The Kiem lab’s goal is to study the HIV reservoir after transplantation and establish an HIV resistant immune system in patients. Kiem’s lab uses a nonhuman primate (NHP) model for studying the effect of stem cell transplantation on HIV infection and progression. Pigtailed macaques have been widely used as a model for stem cell transplantation, gene therapy as well as SIV. However, their use for studying SHIV and/or HIV has been less well characterized. Kiem’s lab developed an infection model in these NHP using a SHIV strain that enters host cells via CCR5. Infection results in establishment of a latent reservoir of HIV and treating NHP post-infection with ART results in viral suppression, closely mimicking what happens during human HIV infection. The macaques also underwent a depletion in CD4 T cells soon after infection, with a restoration of these cells after ART initiation.

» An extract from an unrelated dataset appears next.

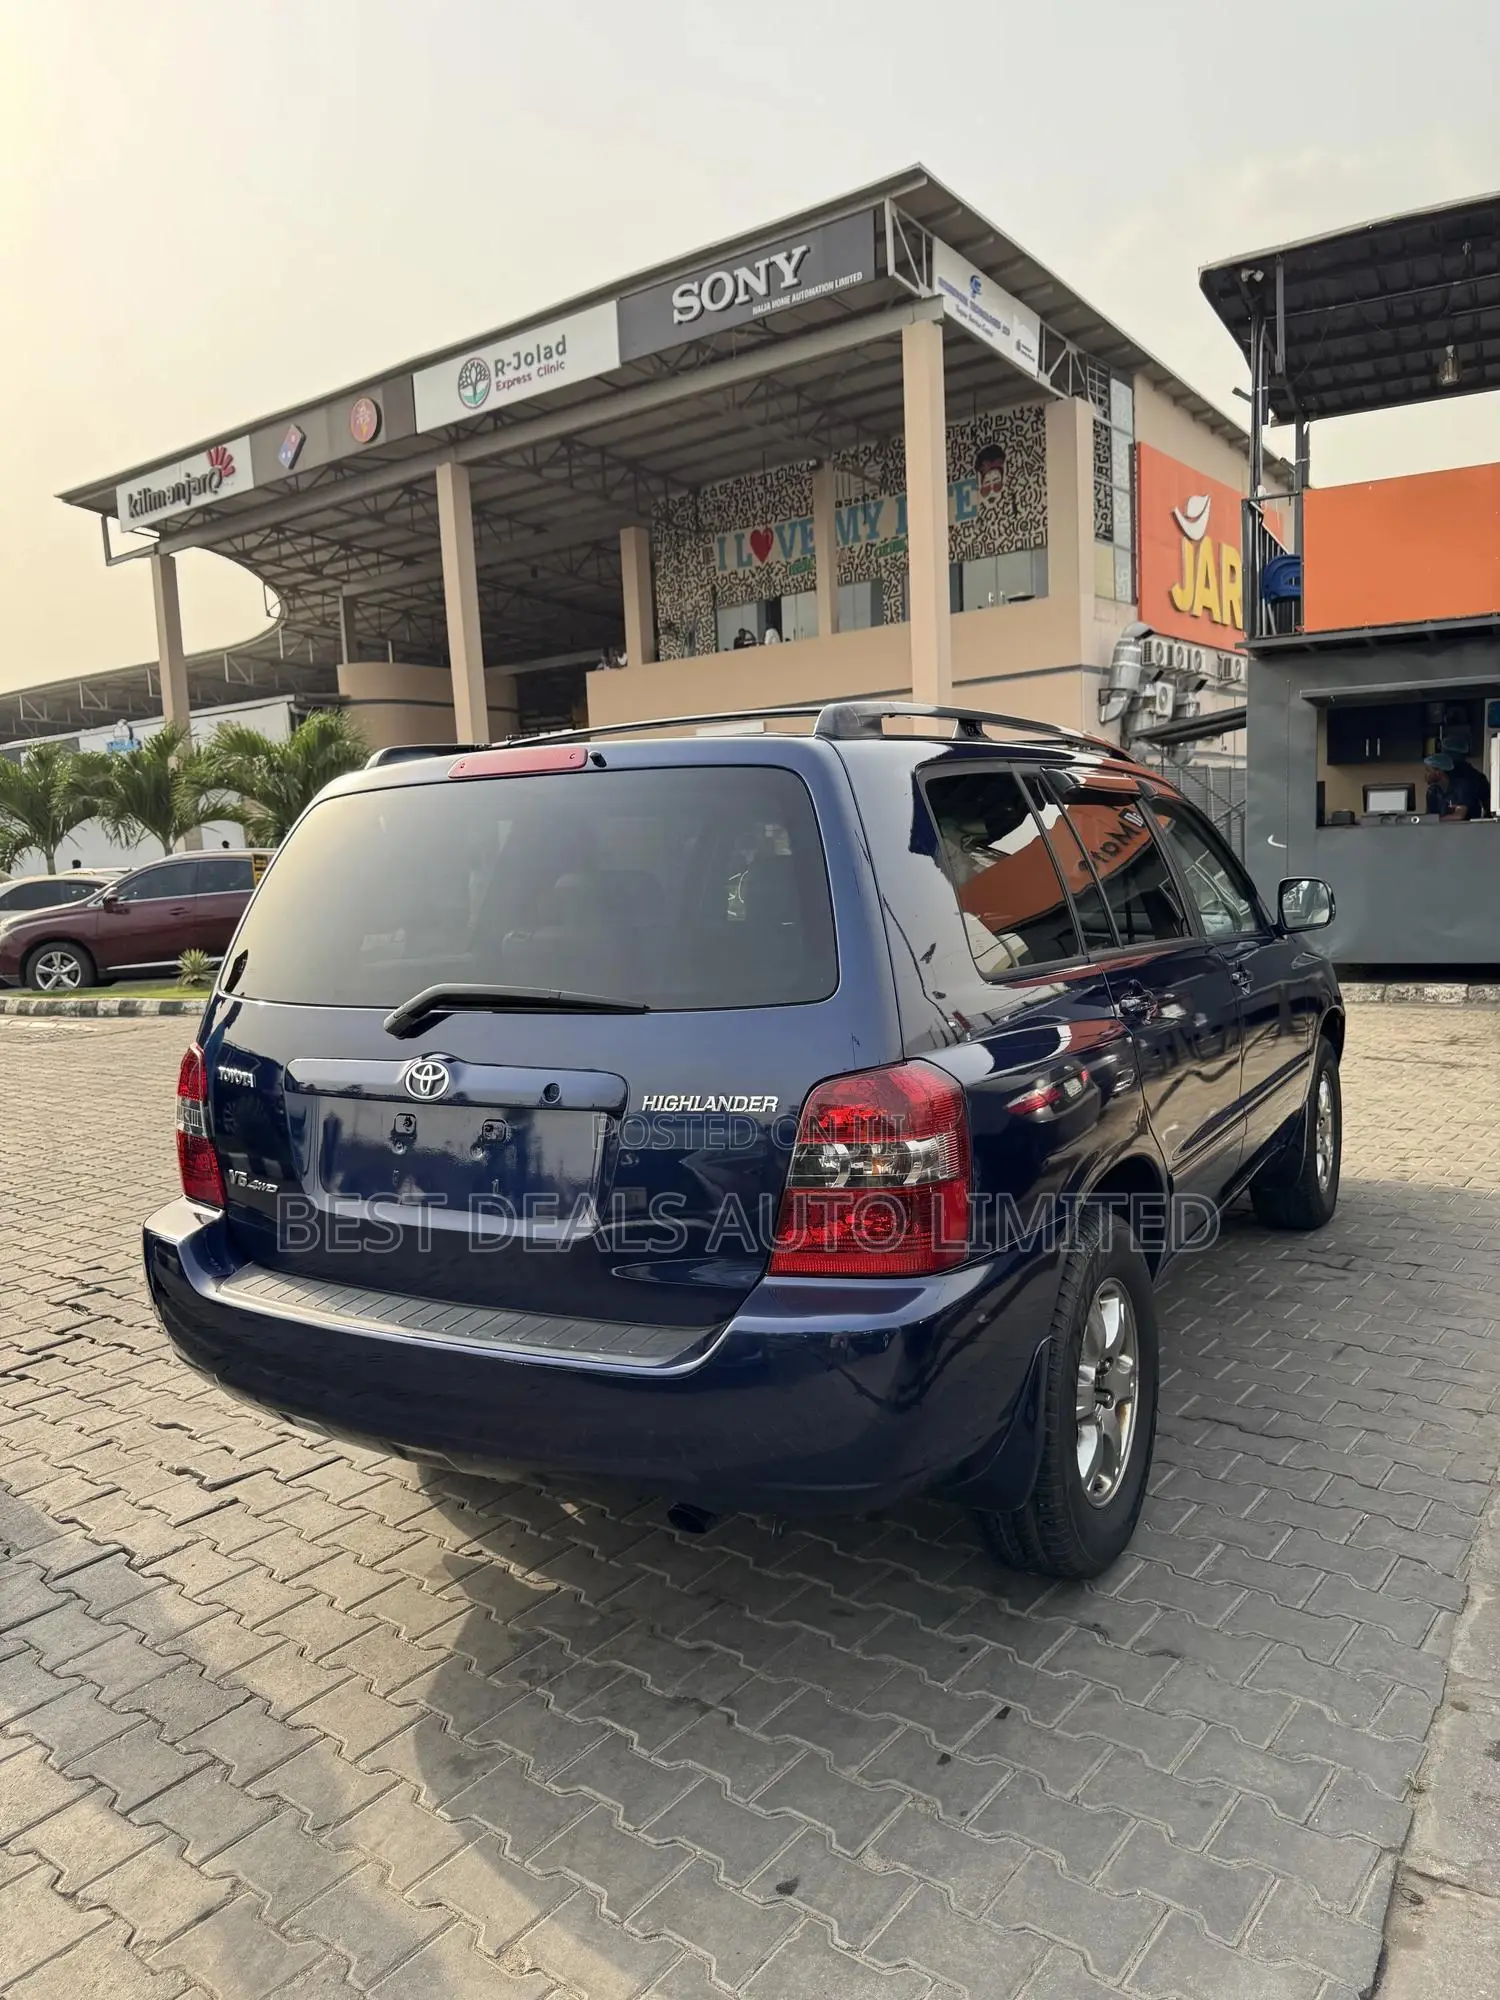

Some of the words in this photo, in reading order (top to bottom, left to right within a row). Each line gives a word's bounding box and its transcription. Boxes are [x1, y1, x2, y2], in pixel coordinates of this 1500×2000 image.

An important question for these studies was whether the conditioning regimen, i.e., the chemotherapy and radiation therapy given to patients to treat any residual cancer and facilitate engraftment, would also decrease or eliminate the viral reservoir. Thus, in their NHP model they used a total body irradiation (TBI) based conditioning regimen that enables engraftment of HSCs and eliminates cancer cells. Because TBI also kills lymphocytes, this regimen should reduce the population of HIV infected or susceptible cells. Animals were infected with SHIV and then treated with ART for 6 months and then underwent an autologous transplant with unmodified HSCs and myeloablative TBI or continued on ART. After seven more months, ART treatment was stopped and, surprisingly, they found higher viral rebound in animals that underwent transplantation. The conditioning regimen led to an increase in T-cell exhaustion and loss of SHIV-specific immune responses, thus impairing the ability of the immune system to respond to replicating virus thus resulting in the increased viral rebound.